■ Dataset records:
--- --- ---
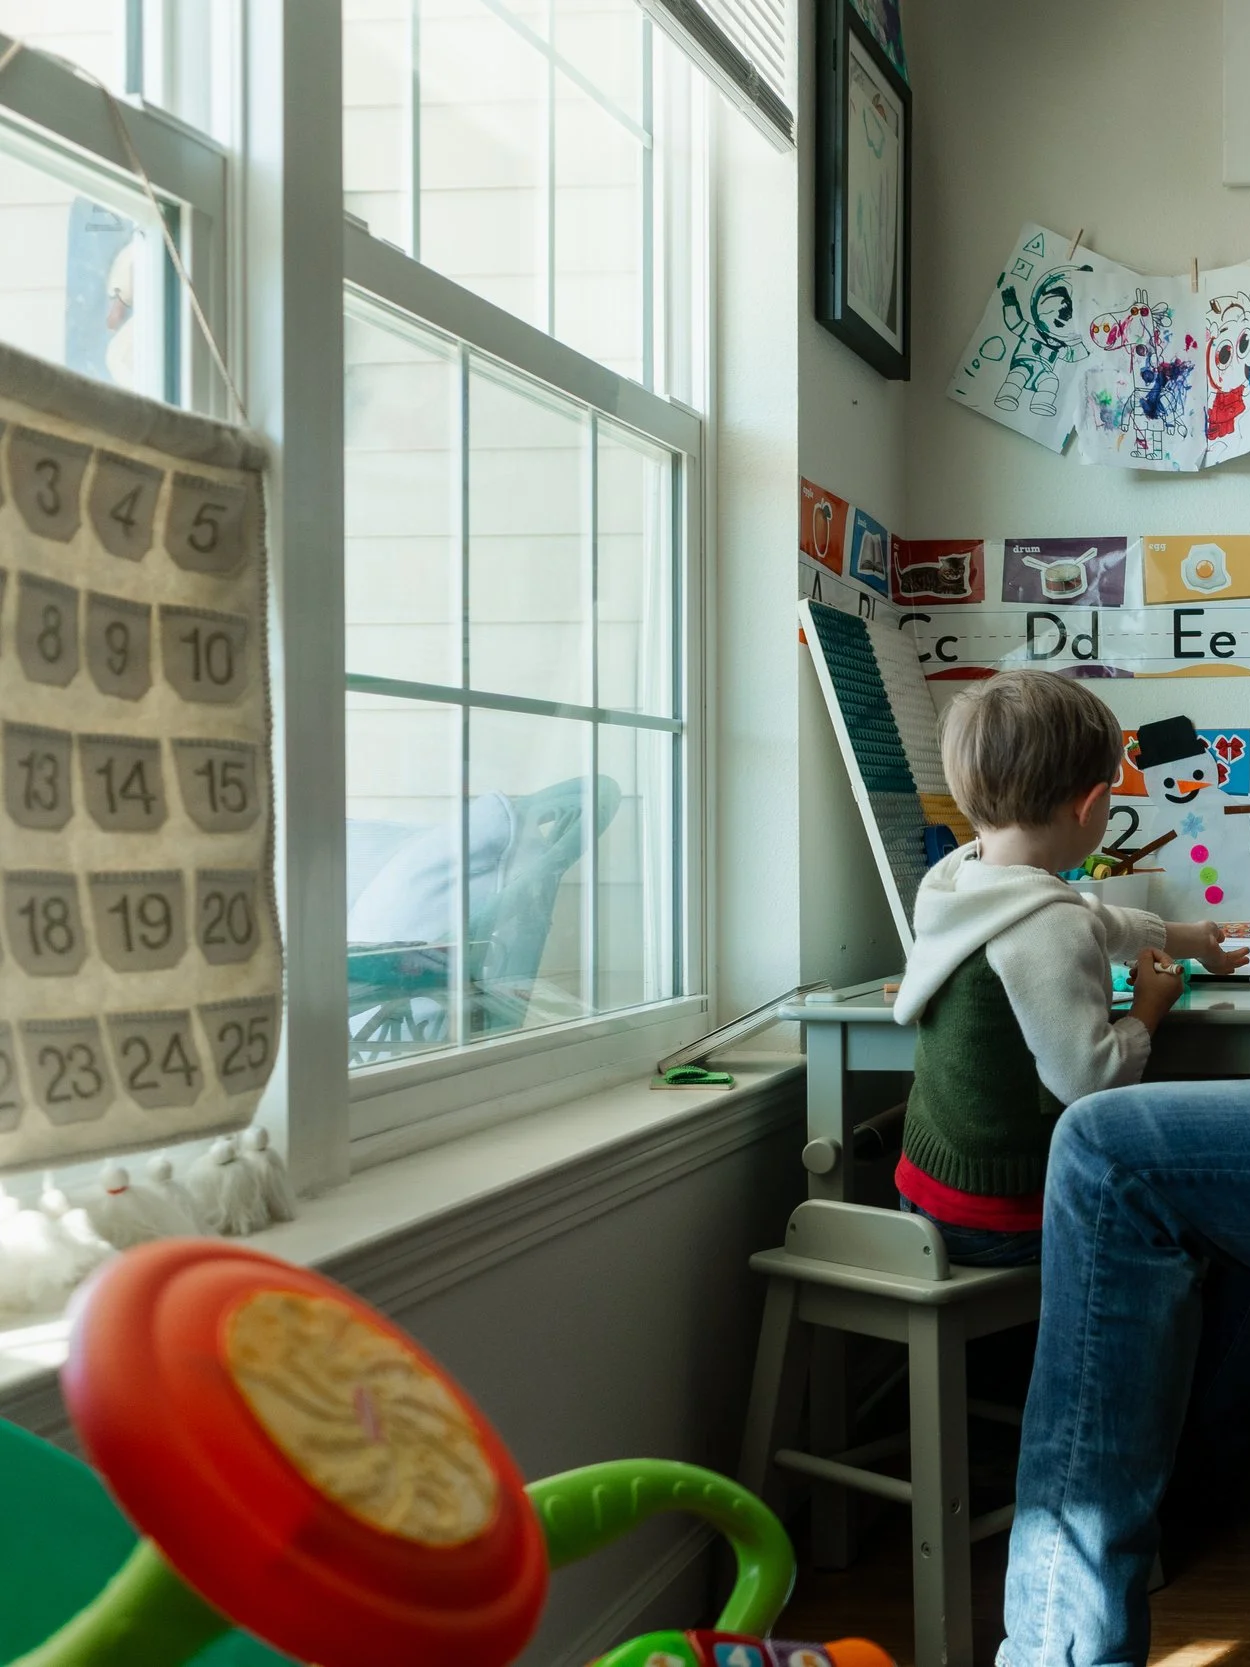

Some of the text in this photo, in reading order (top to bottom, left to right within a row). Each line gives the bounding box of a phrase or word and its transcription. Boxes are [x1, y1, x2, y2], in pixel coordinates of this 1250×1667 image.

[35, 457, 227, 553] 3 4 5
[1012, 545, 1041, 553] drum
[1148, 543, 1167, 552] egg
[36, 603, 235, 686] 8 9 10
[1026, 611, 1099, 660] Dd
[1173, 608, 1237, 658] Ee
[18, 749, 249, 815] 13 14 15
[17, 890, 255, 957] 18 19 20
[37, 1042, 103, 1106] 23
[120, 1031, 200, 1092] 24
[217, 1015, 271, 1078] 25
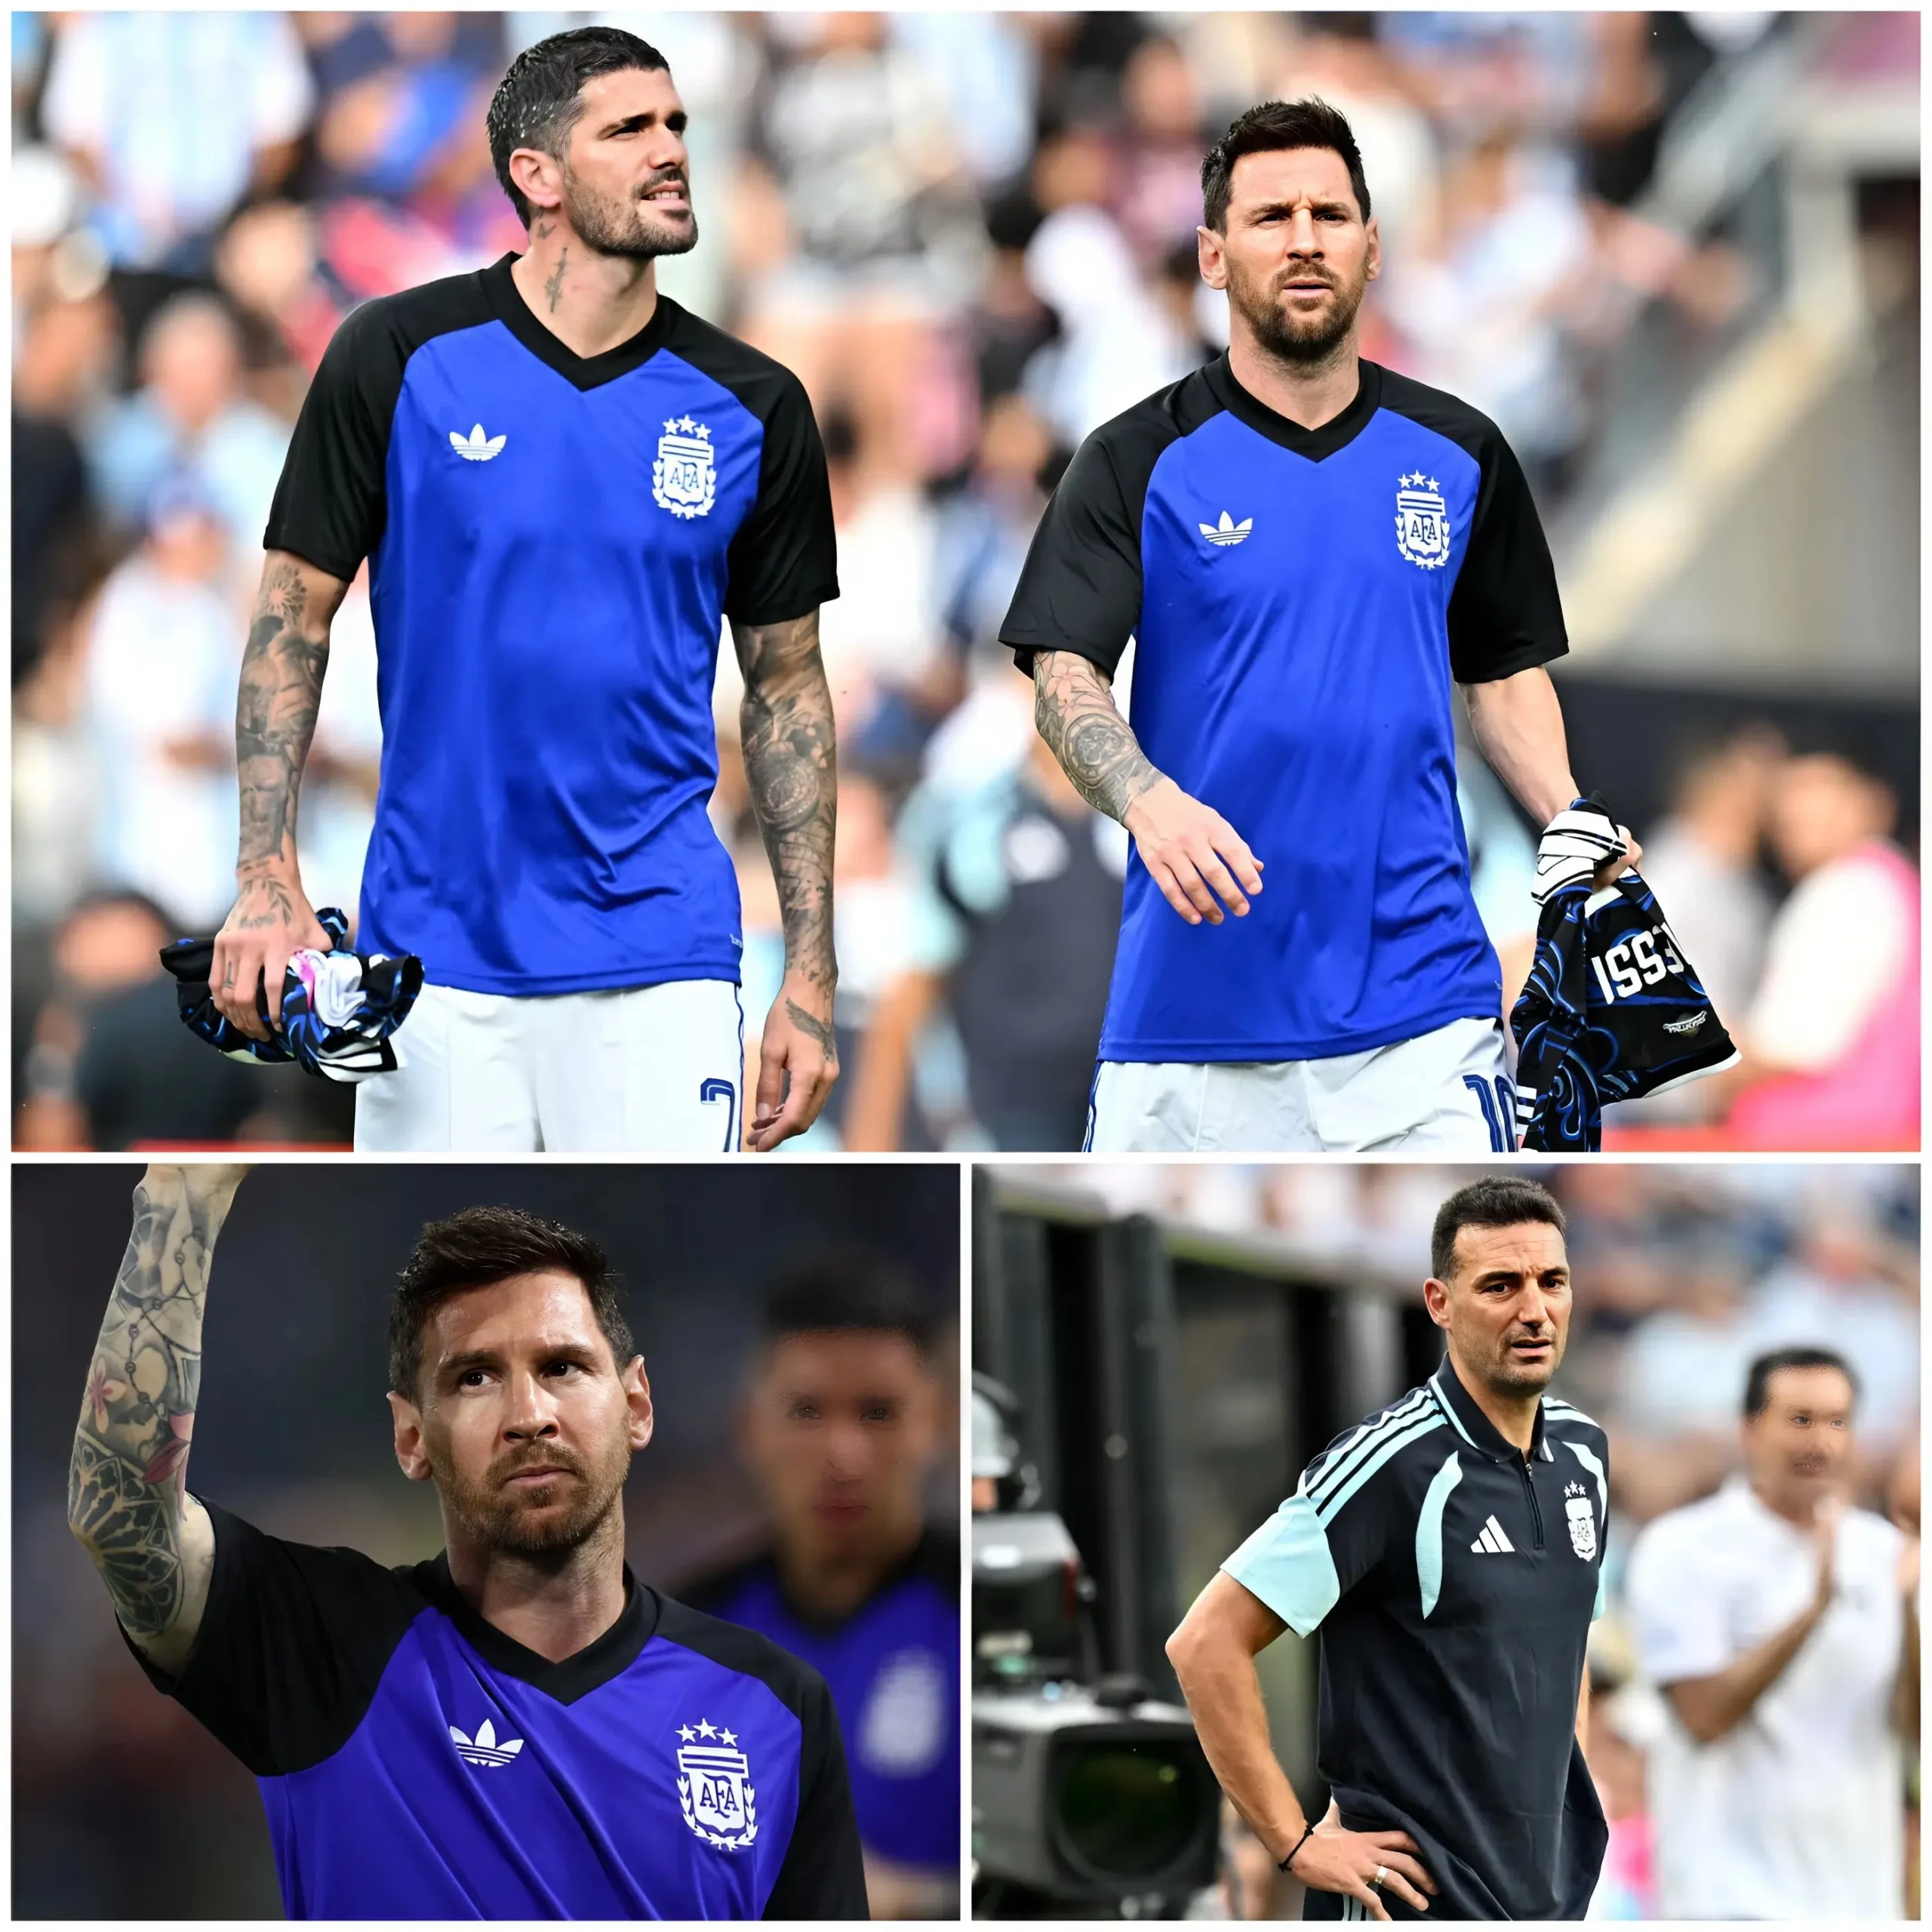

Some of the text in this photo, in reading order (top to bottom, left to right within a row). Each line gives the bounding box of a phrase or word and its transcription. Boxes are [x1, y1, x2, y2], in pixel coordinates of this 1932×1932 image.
--- --- ---
■ What this task involves:
All of the lines above must be printed again exactly, and no picture may appear in the copy.

■ Exercise response:
Some of the text in this photo, in reading order (top to bottom, left to right within a row). Each line gives the bounding box of a phrase or word and its transcription. Boxes are [x1, y1, x2, y2], in pixel coordinates of this 1250×1667 image.

[35, 457, 227, 553] 3 4 5
[1012, 545, 1041, 553] drum
[1148, 543, 1167, 552] egg
[36, 603, 235, 686] 8 9 10
[1026, 611, 1099, 660] Dd
[1173, 608, 1237, 658] Ee
[18, 749, 249, 815] 13 14 15
[17, 890, 255, 957] 18 19 20
[37, 1042, 103, 1106] 23
[120, 1031, 200, 1092] 24
[217, 1015, 271, 1078] 25

Some of the text in this photo, in reading order (top to bottom, left to right within a row). Each line gives the bounding box of a phrase or word and its transcription. Boxes are [x1, y1, x2, y2], in pixel coordinates of this 1932×1932 image.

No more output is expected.